After death, there is judgment. That’s a sobering reality. No second chances. No reincarnation to another life. God has appointed to people one life and we will be judged based on how we’ve lived. As Paul says,

“For we must all appear before the judgment seat of Christ, so that each one may receive what is due for what he has done in the body, whether good or evil.” (2 Corinthians 5:10)

Jesus himself says,

“I tell you, on the day of judgment people will give account for every careless word they speak, or by your words you will be justified, and by your words you will be condemned.” (Matthew 12:36-37)

We will give account for every careless word! By that standard, none of us can stand – we’ve all said things we’ve regretted. But why should we believe Jesus? If there’s anyone we should believe about what happens after we die, it should be the guy who actually died, was dead for three days and came back to life again as a matter of historical fact. No other religious figure can legitimately claim this. Jesus Christ is the One True God who has come in human flesh to face death, conquer it and tell us what is on the other side. We would do well to heed his words. The apostle John writes of God’s final judgment on the Last Day:

“And I saw the dead, great and small, standing before the throne, and books were opened. Then another book was opened, which is the book of life. And the dead were judged by what was written in the books, according to what they had done.” (Revelation 20:12)

God will judge everyone perfectly. There will be no injustice in the final account. Nothing will be overlooked.

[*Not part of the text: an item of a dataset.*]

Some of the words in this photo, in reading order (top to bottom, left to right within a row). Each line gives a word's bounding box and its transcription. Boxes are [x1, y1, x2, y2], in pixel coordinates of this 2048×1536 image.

In 1990, my father and I were in Toronto visiting family when the Coup happened in Trinidad. A radical Islamic group violently overthrew our parliament and held the country hostage. During that time, my father’s business which he had worked so hard to build to get our family out of poverty was robbed, ransacked and burnt. The perpetrators were never brought to justice in this life. Though I was only 6 years old at the time, I always remember it and how devastating it felt. Many others feel the cry of injustice well up inside of them for evils that never seem to be dealt with. However, Jesus says that at the final judgment, no one will escape. This is good news when we consider all the injustice and evil that we see today. So many wrongs go unpunished, so many innocents suffer, so many corrupt and wicked people seem to getaway. If all we have is this life, it seems to be a very unfair one with no hope of ultimate justice.

However, this is also dreadful news for those who will be judged guilty by God’s perfect moral standards.

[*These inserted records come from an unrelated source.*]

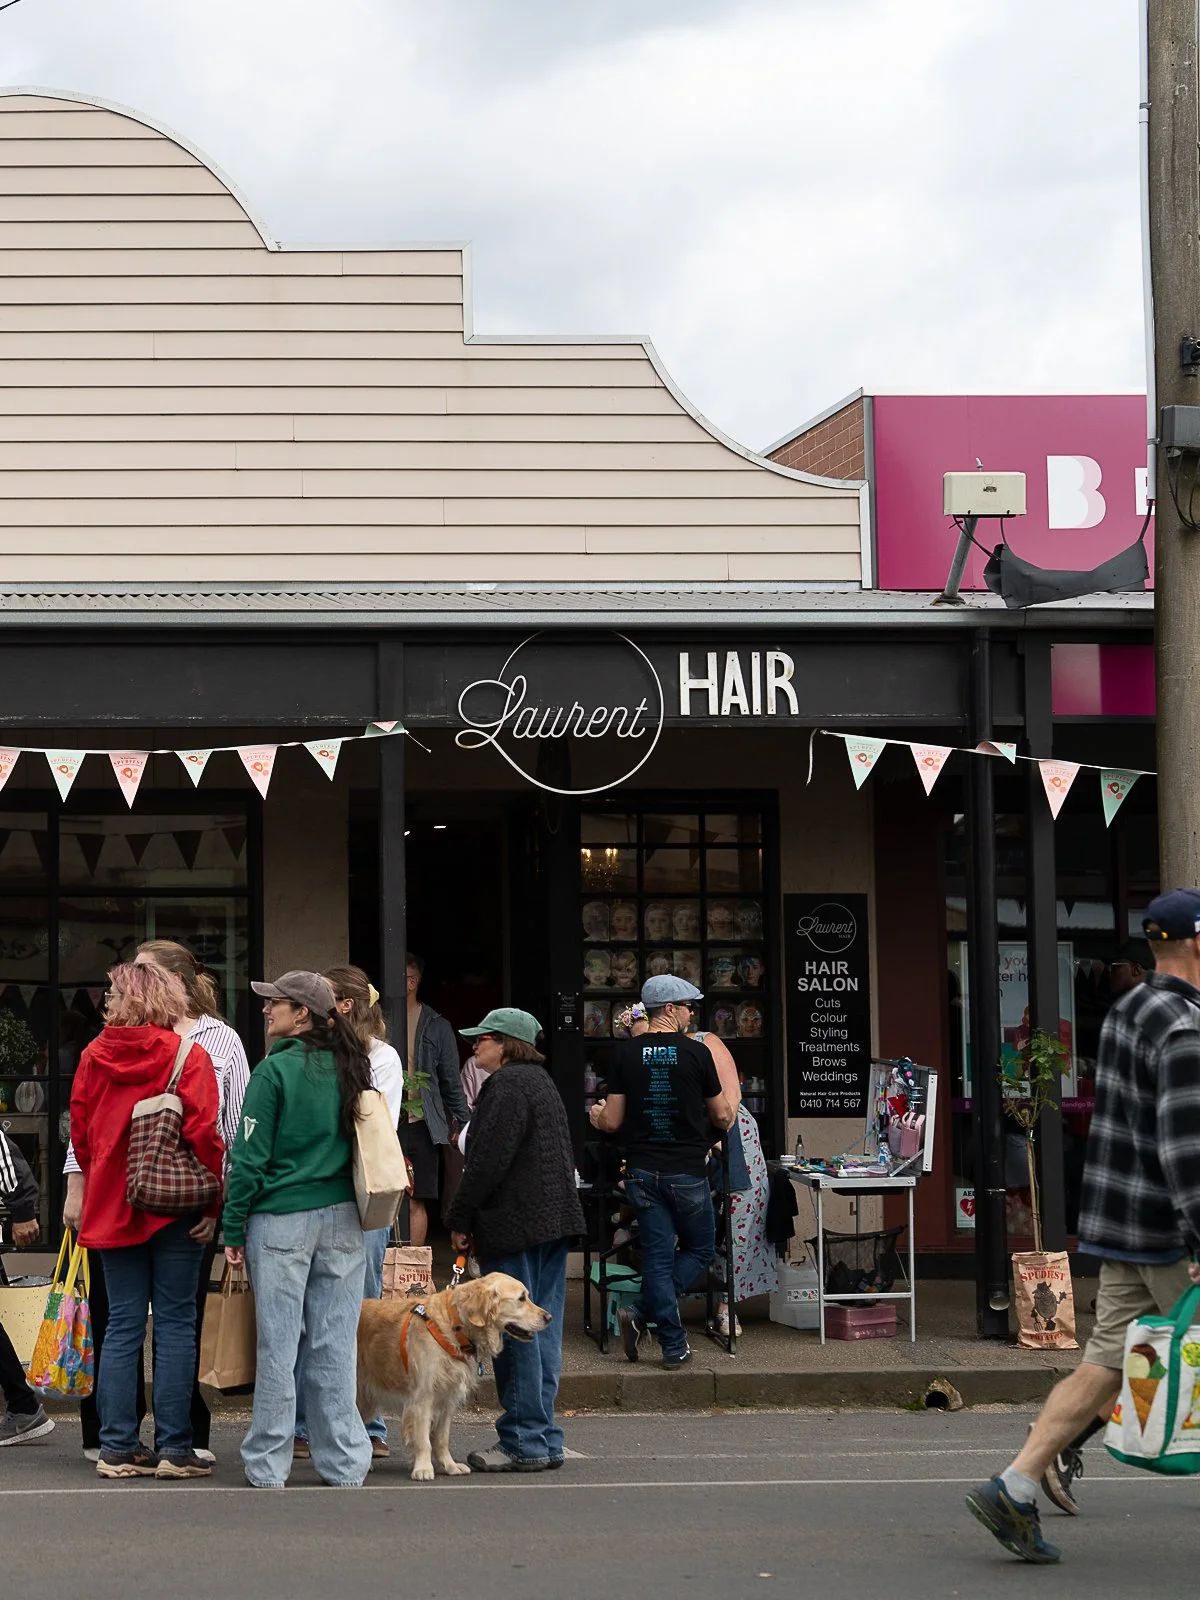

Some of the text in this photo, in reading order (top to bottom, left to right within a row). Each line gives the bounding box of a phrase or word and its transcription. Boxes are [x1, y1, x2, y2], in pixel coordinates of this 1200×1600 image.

[679, 651, 799, 715] HAIR
[455, 675, 649, 749] Laurent
[796, 916, 853, 936] Laurent
[805, 961, 849, 975] HAIR
[797, 978, 858, 992] SALON
[815, 998, 841, 1008] Cuts
[810, 1013, 847, 1023] Colour
[810, 1026, 848, 1040] Styling
[642, 1046, 678, 1056] RIDE
[799, 1042, 860, 1052] Treatments
[812, 1056, 847, 1067] Brows
[802, 1071, 858, 1084] Weddings
[800, 1099, 861, 1108] 0410 714 567
[399, 1273, 432, 1284] SPUDF
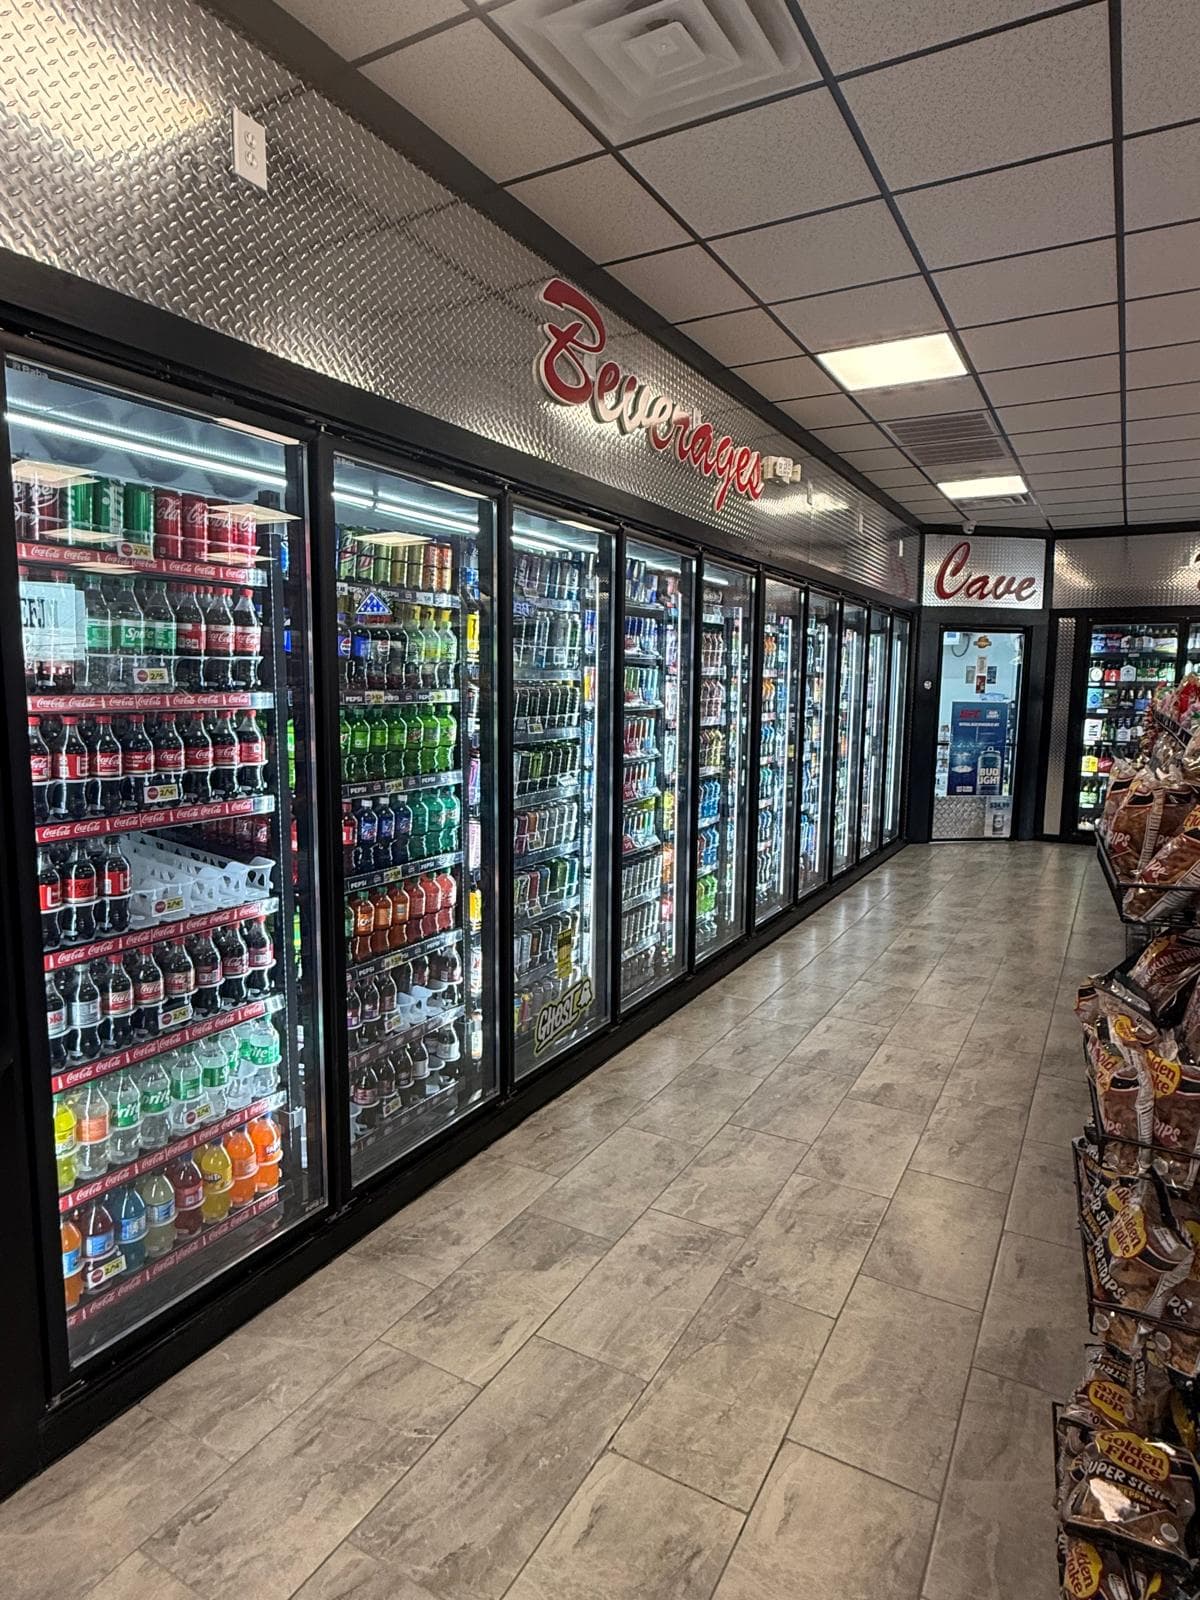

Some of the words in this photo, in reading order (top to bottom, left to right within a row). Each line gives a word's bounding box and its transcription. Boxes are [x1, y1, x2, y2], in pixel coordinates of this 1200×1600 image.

[539, 277, 763, 512] Beverages
[934, 541, 1037, 602] Cave
[980, 767, 999, 776] BUD
[537, 983, 583, 1044] GHOST
[1100, 1433, 1164, 1471] Golden
[1104, 1446, 1161, 1480] Flake

4. Death for unbelievers leads to eternal punishment

Hell is one of those topics we all get squeamish talking about. It seems too terrible, too dark, too awful to even say out loud to many of us. Perhaps this is why the majority of the teaching we have about Hell in the New Testament is actually directly from the lips of Jesus Christ himself. No one else but the incarnate Son of God could have the right to define so clearly such a sobering reality. Speaking of the Last Judgment, Jesus says:

“Then [the Son of Man] will say to those on his left, ‘Depart from me, you cursed, into the eternal fire prepared for the devil and his angels. … And these will go away into eternal punishment …” (Matthew 25:41, 46)

Hell is described by Jesus as a place of eternal punishment. But punishment for what? Punishment for sin. Unlike what the Roman Catholic Church teaches, there is no mention of Purgatory as a ‘second chance’ to purge those who die in their sins. This was an unbiblical invention.

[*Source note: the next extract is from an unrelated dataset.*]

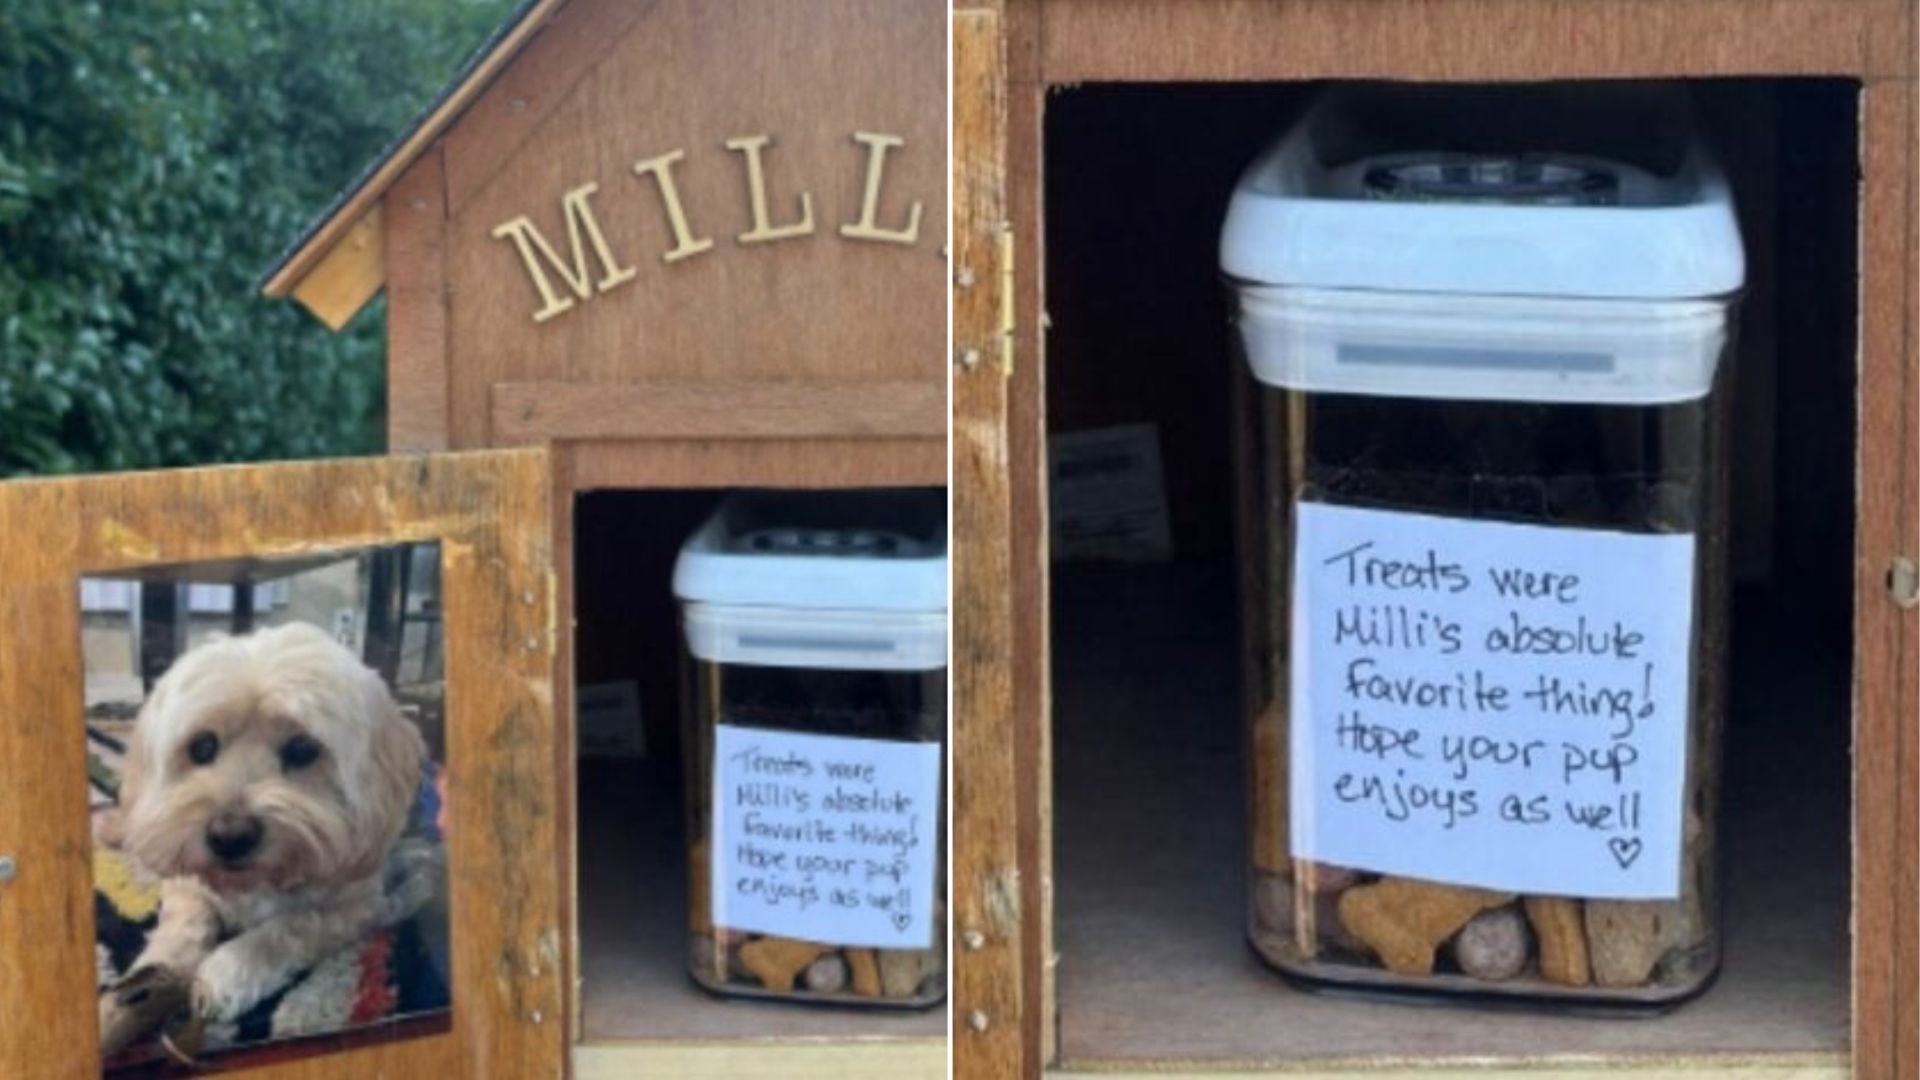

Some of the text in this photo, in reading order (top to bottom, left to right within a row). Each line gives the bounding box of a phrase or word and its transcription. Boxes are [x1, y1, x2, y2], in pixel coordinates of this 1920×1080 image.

Speaking to the hypocritical religious leaders of his day, Jesus said to them about Hell:

“In that place there will be weeping and gnashing of teeth, when you see Abraham and Isaac and Jacob and all the prophets in the kingdom of God but you yourselves cast out.” (Luke 13:28)

Weeping signifies misery and the “gnashing of teeth” refers to anger, rage and contempt for God. In Acts 7:54 the gnashing of teeth is done by the Jews in anger because of what Stephen had said to the Jewish Council: “They were furious and gnashed their teeth at him.” So, we see that Hell is a place of anguish, but also that people are not suddenly turned favourably towards God in Hell but continue in their rebellion and hatred against Him. If people were not seeking after Him and opposed to Him in this life, that continues on in eternity. Repentance and turning to Christ are for now, while we’re still alive. This is why the Scriptures tell us, “Today if you hear his voice do not harden your hearts…” (Hebrews 3:15)

But why does Hell exist?

God is perfectly just, so every evil must be brought to justice. Just as a good and righteous judge must punish criminals, so too God is the Ultimate Good Judge. Thus, although talking about God’s wrath may make us uncomfortable, if we care about justice – then it is necessary to talk about God’s wrath against sin.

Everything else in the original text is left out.